[Contemplación]

Es posible encontrar la belleza en los detalles más nimios que la vida, el mundo, el universo, nuestro pensamiento nos puede ofrecer. Una simple simetría o asimetría, una textura, un orden o un desorden, la fluidez de un acontecimiento, la armonía, la vida o la muerte, en todos sus niveles. Simplemente tenemos que aprender a ver las cosas bellas, y esto es algo que no nos enseñan en la escuela.

Un cuerpo humano, a pesar de que permanezca inerte en el frío suelo, puede ser bello, o eso pensó él en ese momento. Acababa de dejarlo en ese estado, tras arrancarle aquello que lo mantenía erguido y vivo. Había sido el artífice de aquella obra que, a primera vista, resultaba macabra pero, desde sus ojos, cada segundo que pasaba adquiría una forma más parecida a una obra de arte, hermosa.


Veía como la sangre aún brotaba de la cabeza, de un rojo intenso y brillante. “Este es el color rojo que cualquier pintor de la historia hubiera gustado utilizar en sus obras, es un color perfecto, macabramente perfecto” pensó. Y ese mismo rojo, poco a poco iba rodeando y enmarcando la figura inmóvil, contrariamente a lo que pudiese parecer, la iba dotando de vida. Ahora que todo ese fluido se escapaba de su recipiente, el cuerpo estaba más vivo que nunca, pero de una forma que solo es comprensible desde la belleza que se desprendía de ese acontecimiento.
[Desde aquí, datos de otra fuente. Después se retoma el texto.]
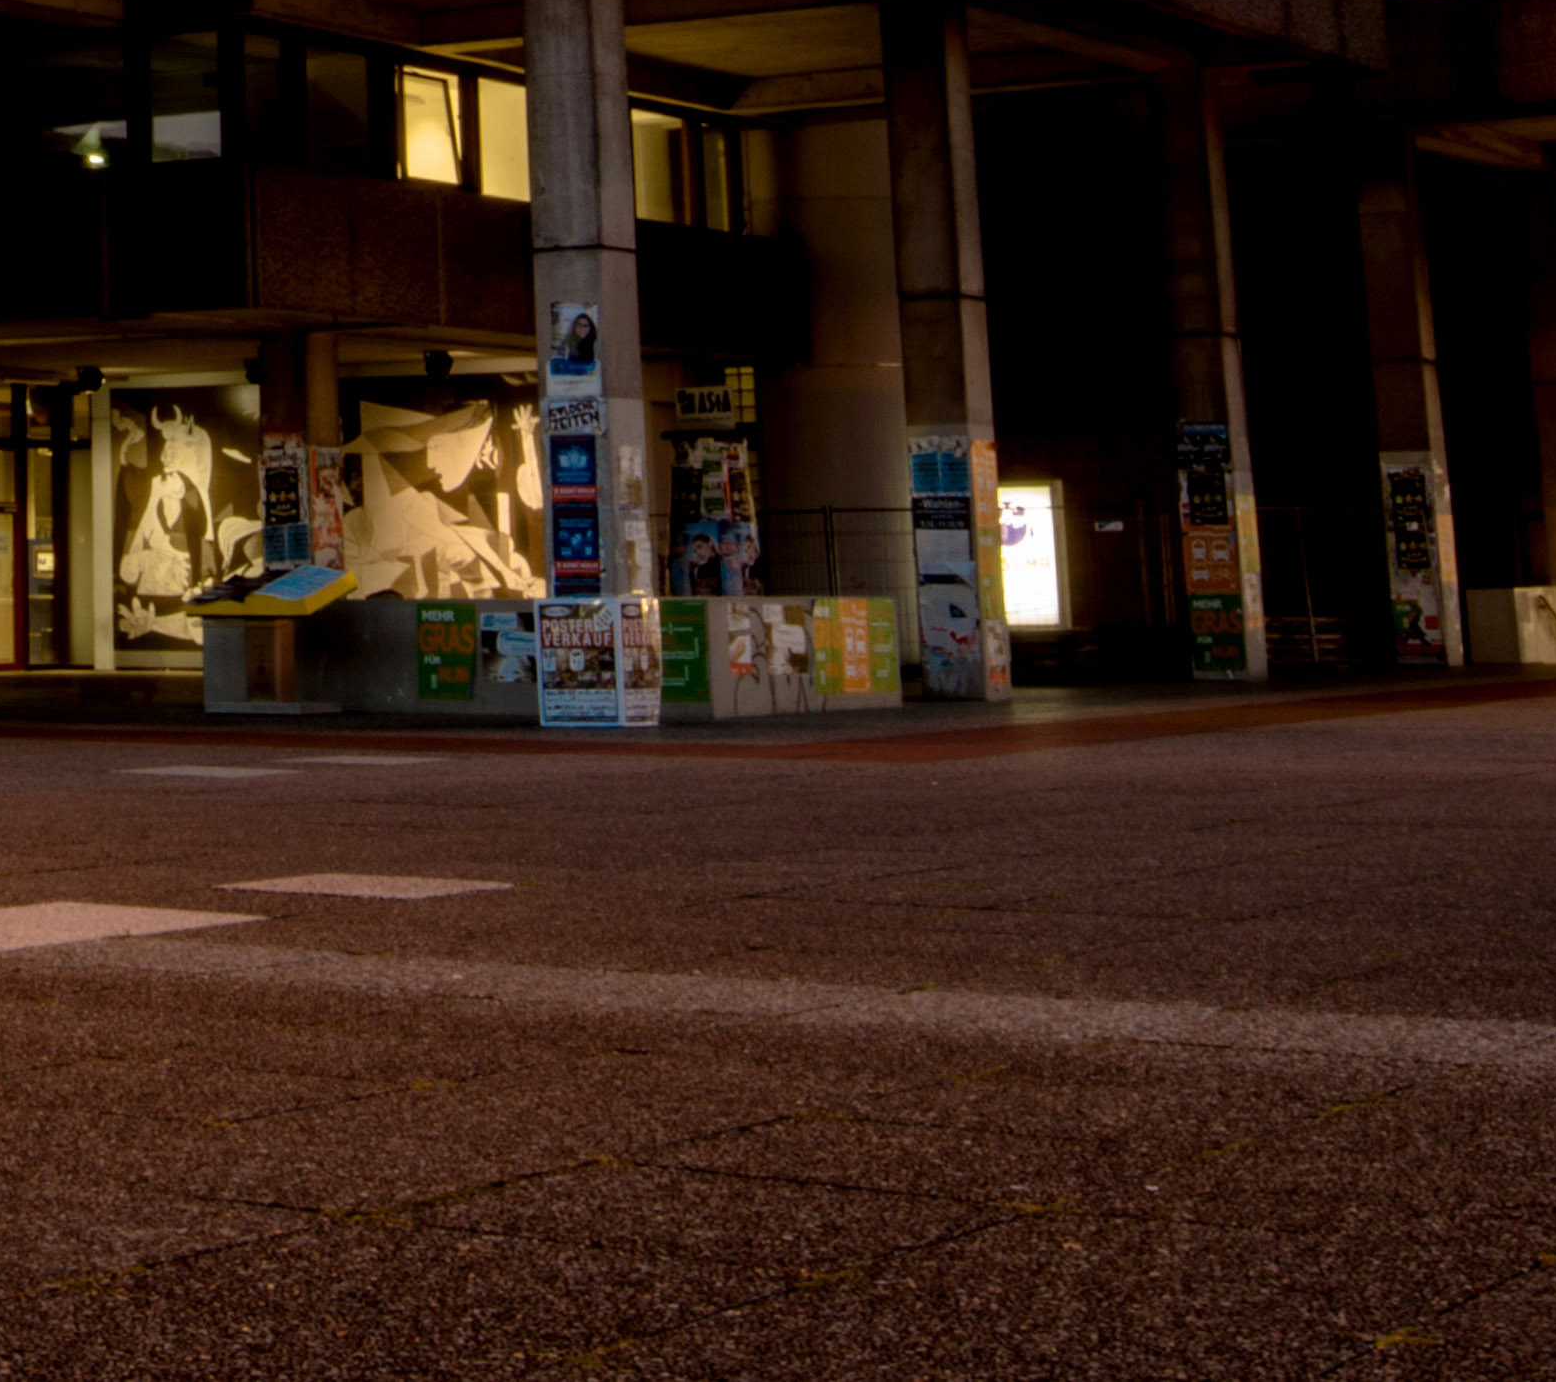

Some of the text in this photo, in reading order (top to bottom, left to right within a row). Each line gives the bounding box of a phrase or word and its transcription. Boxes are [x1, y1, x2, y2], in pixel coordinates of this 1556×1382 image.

Otra cosa que llamo su atención fue su mirada. Esta, a pesar de estar clavada en un punto fijo, y al mismo tiempo indefinido, de la habitación, reflejaba paz. Esas esferas relucientes, perfectas, que combinaban de forma ideal el blanco, el marrón y el negro en sus tonalidades más intensas, transmitían una sensación de tranquilidad. “La mirada de la muerte es tranquila, serena” pensó. La reconciliación con la paz que se dibujaba en esos ojos era, si no más, igual de hermosa que las otras partes de aquella obra.


Él se deleitaba con del crimen que acababa de cometer, porque ahora, contra todo pronóstico, lo veía así, bello. Incluso la forma en la que yacía el cuerpo, aún con el revólver humeante en la mano agarrotada, no había tenido posibilidades de defenderse. Las uñas recién cortadas, el arma reluciente como un espejo, y ese específico olor a pólvora quemada. Él estaba realmente orgulloso, porque esa obra de arte había salido de su ser. Se había convertido en un artista.

Y  tras hacer todas estas reflexiones, todas estas observaciones, tras darse cuenta de la capacidad que había adquirido para identificar y disfrutar de la belleza, pensó si todo aquello había valido la pena. Haberle arrancado la vida a ese ser lo había liberado de una carga insoportable de llevar, y ahora que era libre, era feliz. Pero era una felicidad agridulce, ya que la contrapartida era que solo podría disfrutar de esa belleza concreta, porque sus actos, como castigo, no le permitirían conocer otras bellezas diferentes. Él se había decantado por un placer inmediato, sin pensar en que podían existir otros caminos que, a largo plazo, le habrían aportado mayor felicidad.

Era irónico que ahora, después de haberse quitado la vida, tras haber observado durante largo rato su propio cuerpo tendido en el suelo de su habitación, haya aprendido, por fin, a ver y disfrutar de la belleza de los pequeños y significantes detalles. Aunque quizás, fuese demasiado tarde.